*** Supplied data

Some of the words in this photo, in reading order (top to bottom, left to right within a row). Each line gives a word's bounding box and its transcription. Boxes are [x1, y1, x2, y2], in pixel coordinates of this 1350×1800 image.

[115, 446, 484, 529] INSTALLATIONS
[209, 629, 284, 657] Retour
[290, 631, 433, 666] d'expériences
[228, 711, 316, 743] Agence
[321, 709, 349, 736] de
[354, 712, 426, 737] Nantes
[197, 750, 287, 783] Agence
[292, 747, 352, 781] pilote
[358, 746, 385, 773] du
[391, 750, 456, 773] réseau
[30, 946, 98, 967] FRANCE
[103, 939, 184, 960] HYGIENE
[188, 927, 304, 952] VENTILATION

******

-- Exercise --
Output the listing above exactly as it appears.

-- Answer --
Some of the words in this photo, in reading order (top to bottom, left to right within a row). Each line gives a word's bounding box and its transcription. Boxes are [x1, y1, x2, y2], in pixel coordinates of this 1350×1800 image.

[115, 446, 484, 529] INSTALLATIONS
[209, 629, 284, 657] Retour
[290, 631, 433, 666] d'expériences
[228, 711, 316, 743] Agence
[321, 709, 349, 736] de
[354, 712, 426, 737] Nantes
[197, 750, 287, 783] Agence
[292, 747, 352, 781] pilote
[358, 746, 385, 773] du
[391, 750, 456, 773] réseau
[30, 946, 98, 967] FRANCE
[103, 939, 184, 960] HYGIENE
[188, 927, 304, 952] VENTILATION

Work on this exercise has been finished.